Abbott has a 22-year history of dividend growth. The last increase was 9% last May to a $1.92 annual rate. The company is guiding for 2012 earnings that will exceed $5 a share and provide better than two-fold coverage of the dividend. Both Abbott and Abbvie will pay a dividend, with payout being split between the two.
2. ConocoPhillips (COP)
ConocoPhillips is spinning off its refining & marketing business as Phillips 66, an already well-known brand. Shares of Phillips 66 (PSX: NYSE) will be distributed on April 30, with current shareholders receiving one share of Phillips 66 for every two shares of ConocoPhillips currently owned.ConocoPhillips has long been a favorite of dividend investors for its 13% yearly dividend growth and yields that have consistently exceeded 3% in the last five years. Going forward, the company intends to pay out 20% to 25% of cash flow as dividends every year.

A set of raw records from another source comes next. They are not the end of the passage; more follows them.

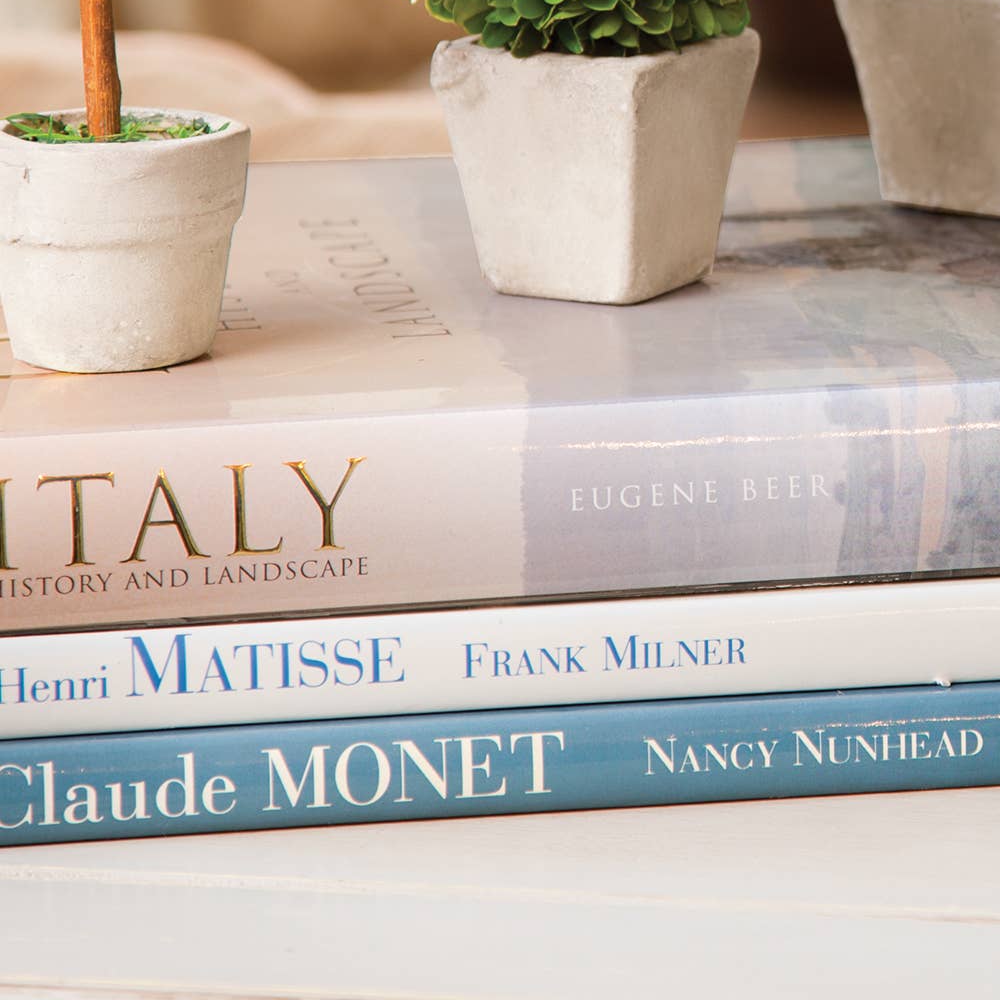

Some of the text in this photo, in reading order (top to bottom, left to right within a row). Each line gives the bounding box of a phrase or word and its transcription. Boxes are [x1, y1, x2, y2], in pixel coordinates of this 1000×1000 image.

[571, 473, 830, 511] EUGENE BEER
[124, 567, 190, 591] AND
[204, 556, 369, 585] LANDSCAPE
[0, 633, 747, 704] Henri MATISSE FRANK MILNER
[0, 729, 985, 829] Claude MONET NANCY NUNHEAD

That means dividends may rise to $4 billion this year from $3.6 billion last year. ConocoPhillips also plans to make $10 billion in share repurchases, which will reduce the share count and further enhance dividend growth per share. Phillips 66 has a similar commitment to dividend growth. This company will pay a 80-cent annual dividend and plans to grow payments by 5% a year. The initial dividend is roughly 20% of Phillip's annual cash flow and very affordable. Phillips shares began trading in mid-April in a $35-to-$36 price range and have a 2.3% yield.